You can also reflect back what they say to you. If they tell you which snack they want, reflect, “You told me you wanted grapes.” This shows that you are listening to them and able to hear what they say. You can also describe what a child is doing when you are interacting with them. If they are playing with blocks, you could say, “You put the green block on top of the blue one.” This lets them know that you are paying attention to them and gives them the opportunity to respond if they want to. You can also move from open-ended questions to forced choice ones if the former is too difficult.
Things to avoid include questions that can be answered non-verbally and trying to guess what the child wants without hearing it directly from them.

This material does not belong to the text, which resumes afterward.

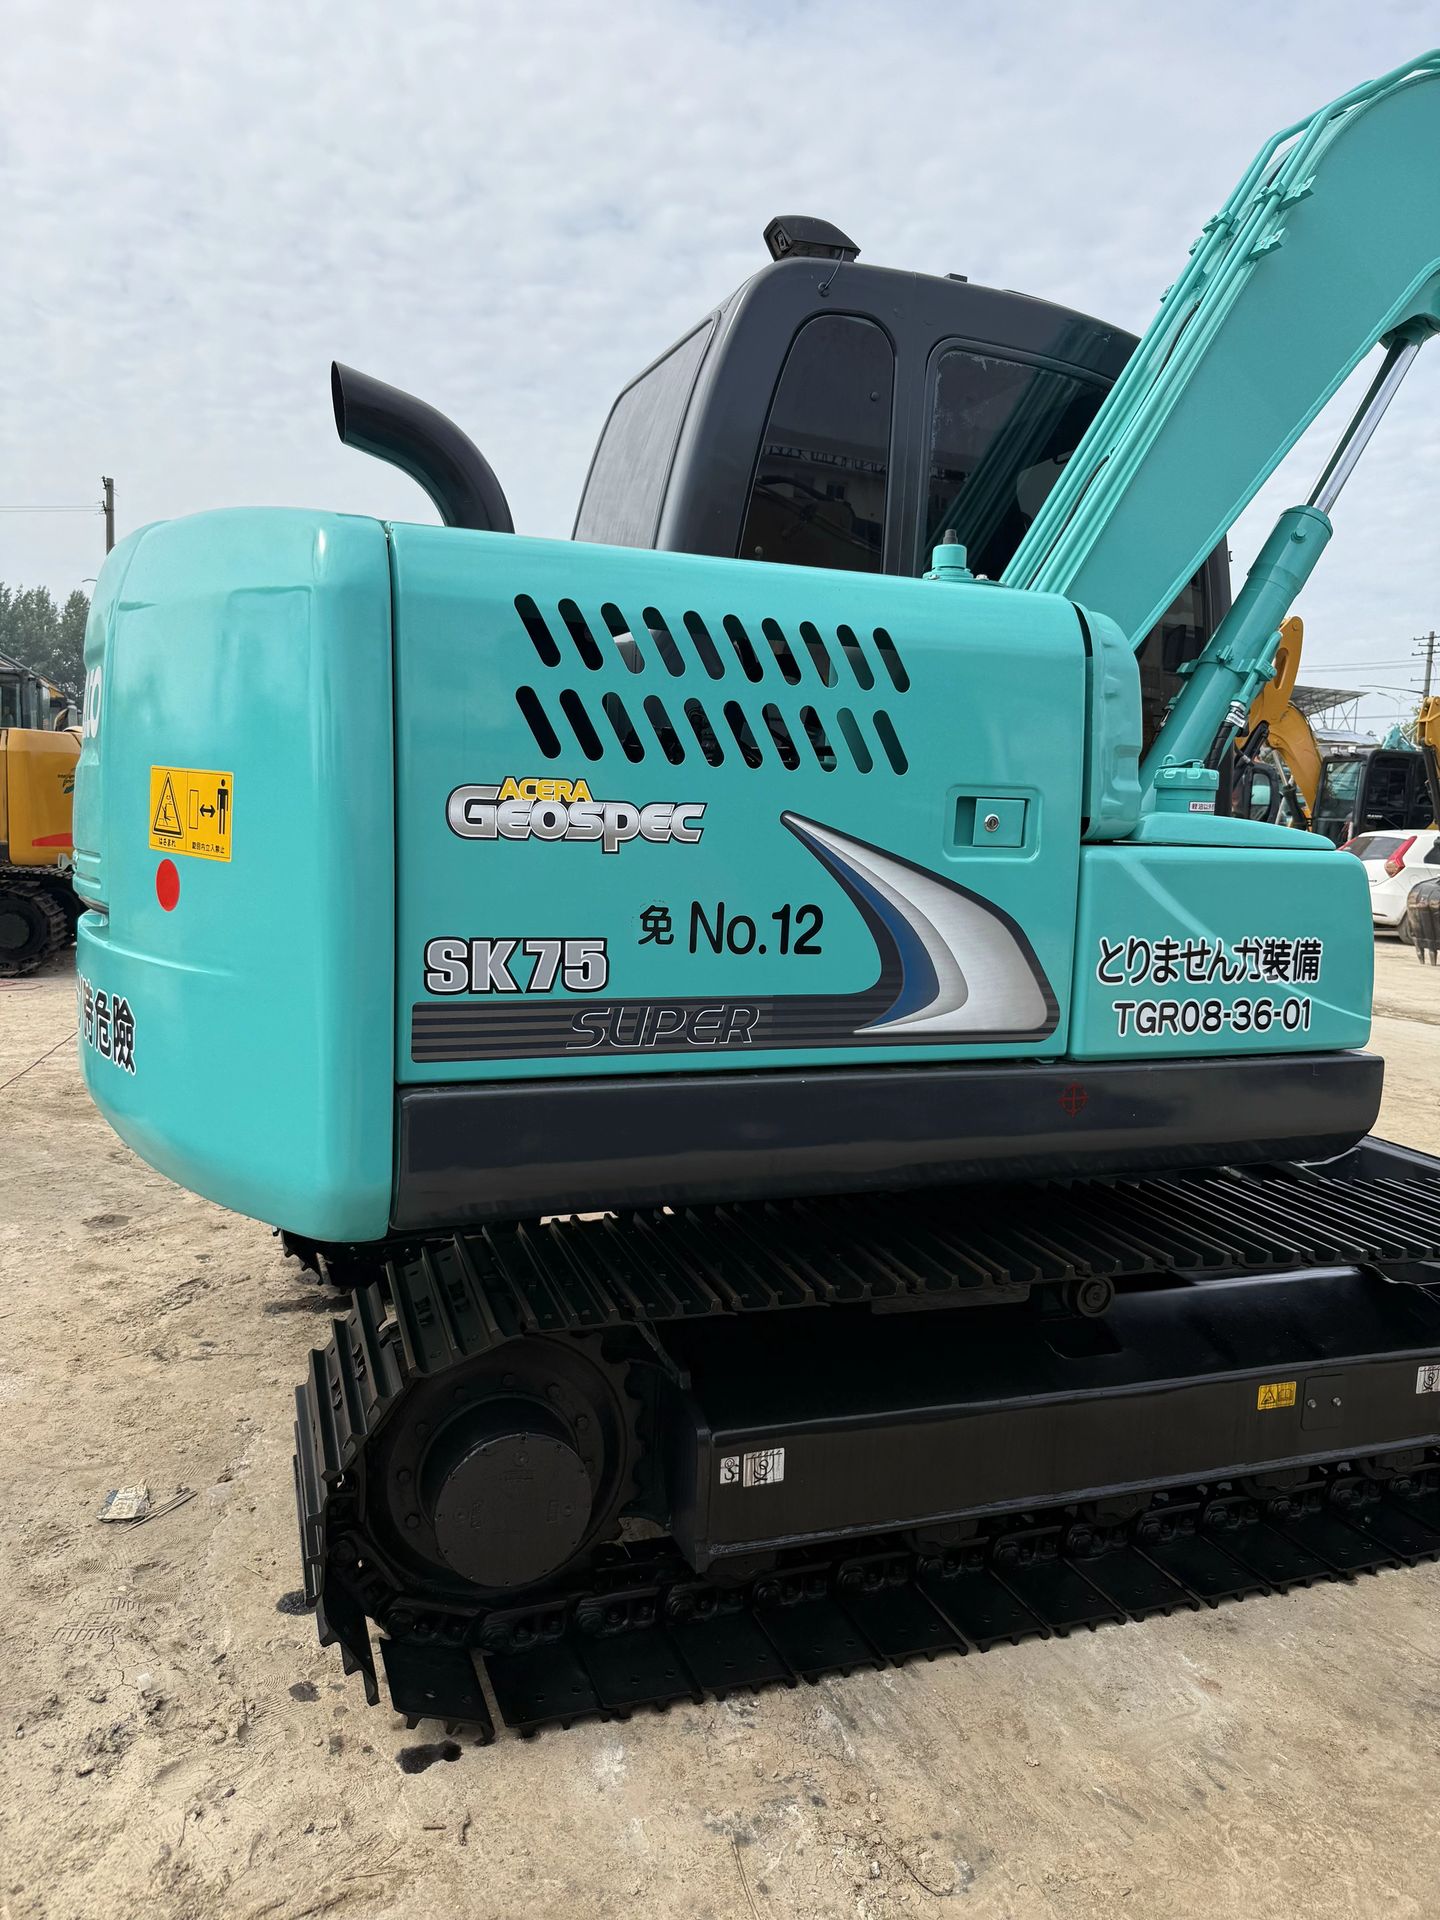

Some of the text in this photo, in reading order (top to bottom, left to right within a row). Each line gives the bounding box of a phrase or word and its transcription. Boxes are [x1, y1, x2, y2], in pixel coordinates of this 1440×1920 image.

Giving prompts to speak may also backfire, particularly for socially expected phrases like hello, goodbye, please, or thank you. You can work up to these over time in favor of using non-verbals such as waving initially. Finally, it’s important not to use negative talk about speaking such as, “Don’t be shy!” or “It’s rude not to say hello!”
It is important to consider school accommodations to support children with SM. For example, children can complete speaking practices with their teacher and parent before or after school when no other students are around.While a child is working on speaking, it is recommended they have non-verbal ways to communicate safety concerns, such as needing to use the bathroom or seethe nurse. There should also be regular communication between the school and parents about the child’s progress. A tracking sheet can be used to note when, where, and how often a child is speaking at school and reward them for progress. Finally, children with SM often benefit from meeting their teacher before the school year starts to practice speaking with them one-on-one.
Overcoming selective mutism is challenging but possible!While it can be stressful for both children and their families to work on speaking in new situations, it is very rewarding. Children learn that they can do hard things, and parents learn that they don’t have to “rescue” their child from uncomfortable situations. Facing their fears about speaking allows kids to feel more confident and do important things like engage at school, make friends, and do meaningful activities. It may be hard at times, but it is worth it!